# GTR Luggage space



## supracat (Feb 12, 2008)

I've been arguing with one of my mates who says the GTR boot is not big enough to get golf clubs, a baby buggy, or any kind of suitcases in.
Still being an R35 virgin i've no idea how big the boot area actually is - cna anyone confirm size, and whether any of the aforementioned little essentials can fit easily?, or better still all together?


----------



## stealth (Jul 6, 2004)

there is a pic somewhere of the boot of the gtr 35 with 2 sets of golf clubs in ,no trolly's but 2 full carry bags .


----------



## supracat (Feb 12, 2008)

Excellent news - thanks for that...... - aif yu can get two sets of clubs in there then i'm pretty sure the old baby buggy will fit ok. - now......., where to put the wife..............?????????:flame:


----------



## Scudder (Jun 2, 2008)

supracat said:


> cna anyone confirm size...


249 litres. I was suprised at it's decent size when I saw it.


----------



## supracat (Feb 12, 2008)

i'm sure that's not a huge amount smaller the honda ctr - seem to remember it being about 300+


----------



## Scudder (Jun 2, 2008)

It's not huge, just larger than I was anticipating.


----------



## supracat (Feb 12, 2008)

cheers scudder - really appreciated the pics, - yep, definitely happy with that.


----------



## Robbie J (Jan 8, 2005)

it got 2 tents and luggage for Le Mans weekend 

Its quite big if a high lip

Rob


----------



## supracat (Feb 12, 2008)

yep, can see the high lip in the pics, but does look pretty deep too?


----------



## TBM (Apr 16, 2008)

is there a chance to get in an bike (fully 26") maybe the wheels in the boot and the frame on the backseats?

someone still tested?


----------



## supracat (Feb 12, 2008)

a bike?? - now you are asking! - not sure if the rear seat can fold?


----------



## tokyogtr (Feb 14, 2008)

i had two sets of golfs bags including drivers in my boot today, no problem. i've also had my son's pushchair in there. and yes, you can definitely fit a suitcase but maybe not a huge one. the boot is designed to fit golf bags but probably only 1 full size bag. i had 2 carry ones in there today.


----------



## supracat (Feb 12, 2008)

cheers tokyo! - shame we couldn't catch up in london the other week, or was it the thought of all us GTR desperados over here looking to pinch your GTR that scared you away?:chuckle: - let me know when you are back over and we'll get those beers yet mate.........


----------



## Fuggles (Jul 3, 2001)

There are pictures of Lois Vuitton golf clubs in the boot on your memory stick and also in the GTROC magazine edition 14. The reason for Louis Vuitton luggage is also explained in the magazine. But having seen the car there is plenty of room in the boot


----------



## tokyogtr (Feb 14, 2008)

supracat said:


> cheers tokyo! - shame we couldn't catch up in london the other week, or was it the thought of all us GTR desperados over here looking to pinch your GTR that scared you away?:chuckle: - let me know when you are back over and we'll get those beers yet mate.........

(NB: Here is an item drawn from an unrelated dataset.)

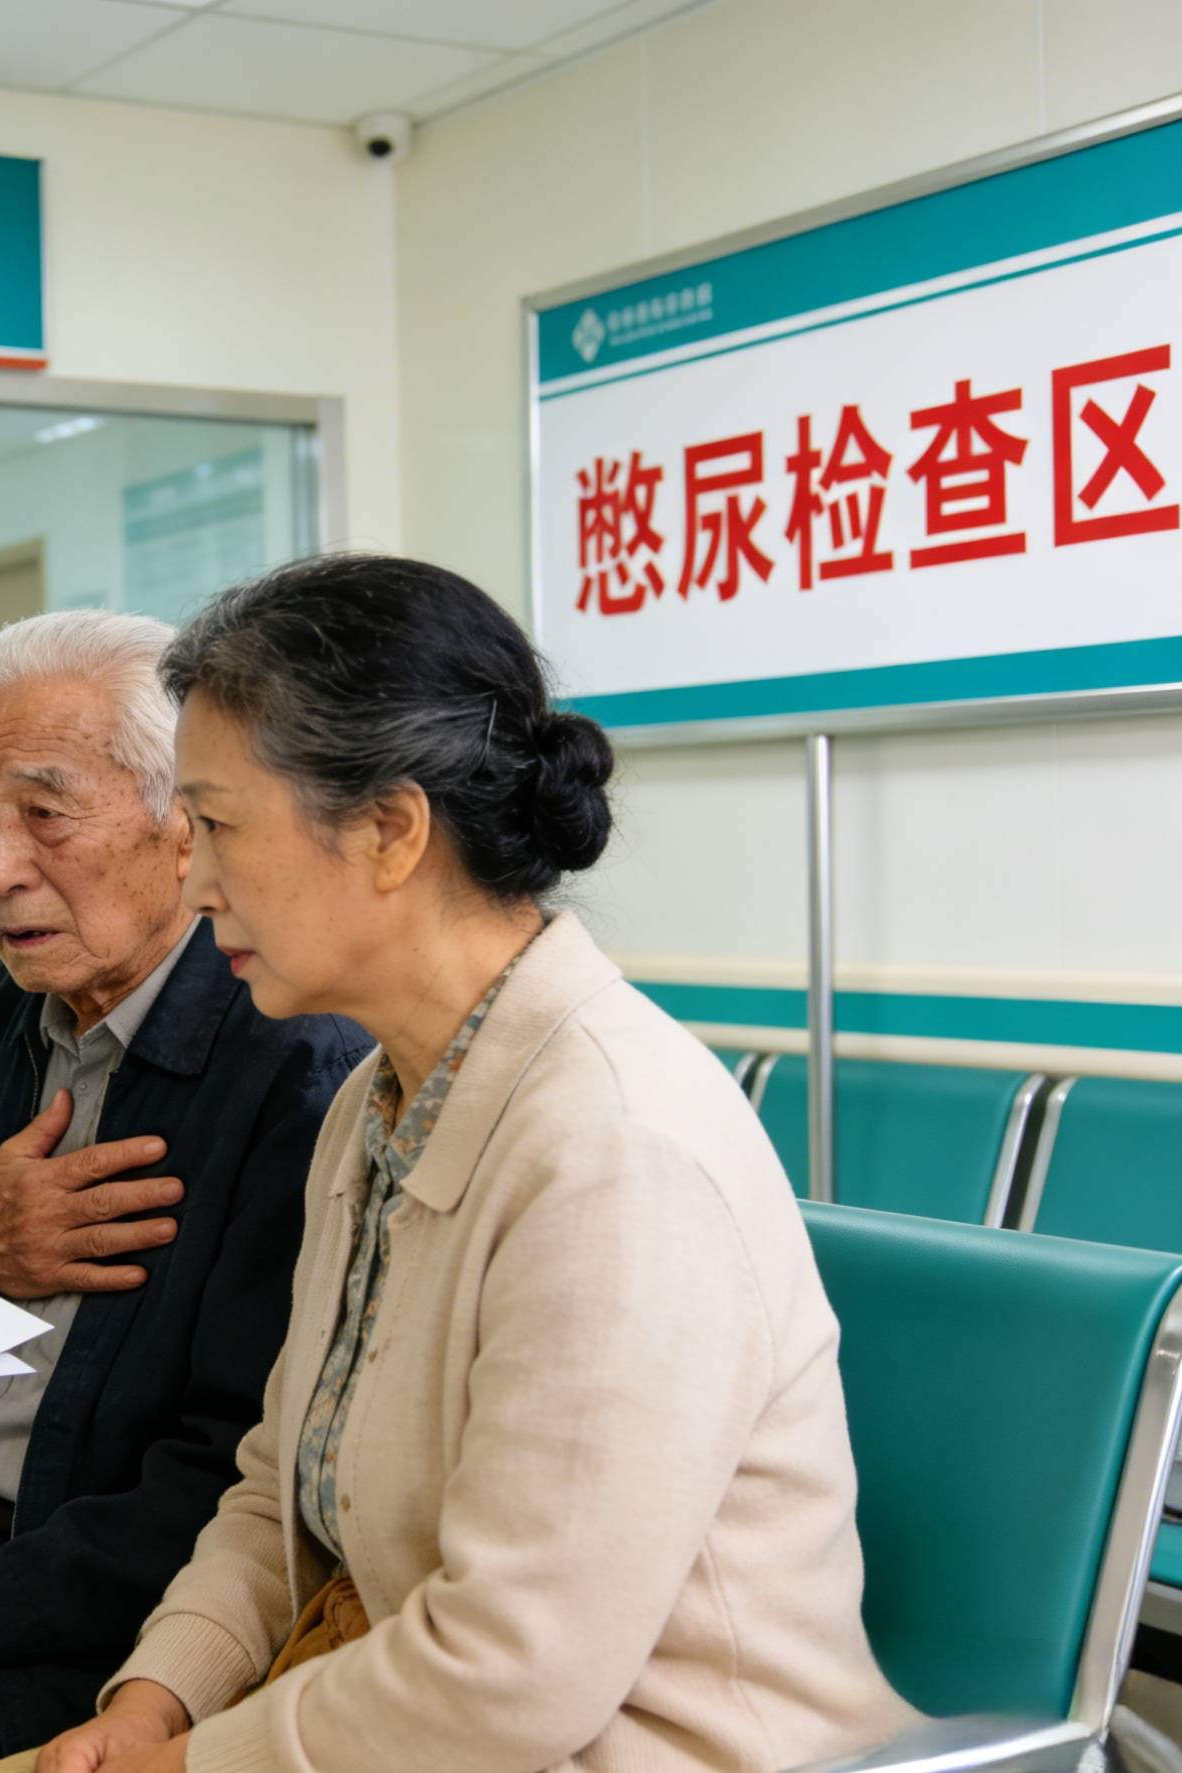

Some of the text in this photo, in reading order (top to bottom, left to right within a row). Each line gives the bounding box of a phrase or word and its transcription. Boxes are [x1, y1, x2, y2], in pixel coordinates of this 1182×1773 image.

[576, 343, 1180, 616] 憋尿检查区

hi mate, yes, and next time hopefully i'm not totally hungover and missing my phone...


----------



## supracat (Feb 12, 2008)

not a problem...... - wondered what happened to you on the thurs!


----------



## tokyogtr (Feb 14, 2008)

btw, went head to head with a 997 porsche turbo today on the aqualine coming back from chiba. i pulled away from him each time but only just. there really isn't much in it but i think if i didn't have the cats, exhaust and ecu then he would have pulled away from me instead. we reached about 270kph.


----------



## supracat (Feb 12, 2008)

unless of course he's has an ecu change, exhaust etc too???

Reckoned it would have been pretty close anyhow -with the GTR just shading it, exactly as you described.


----------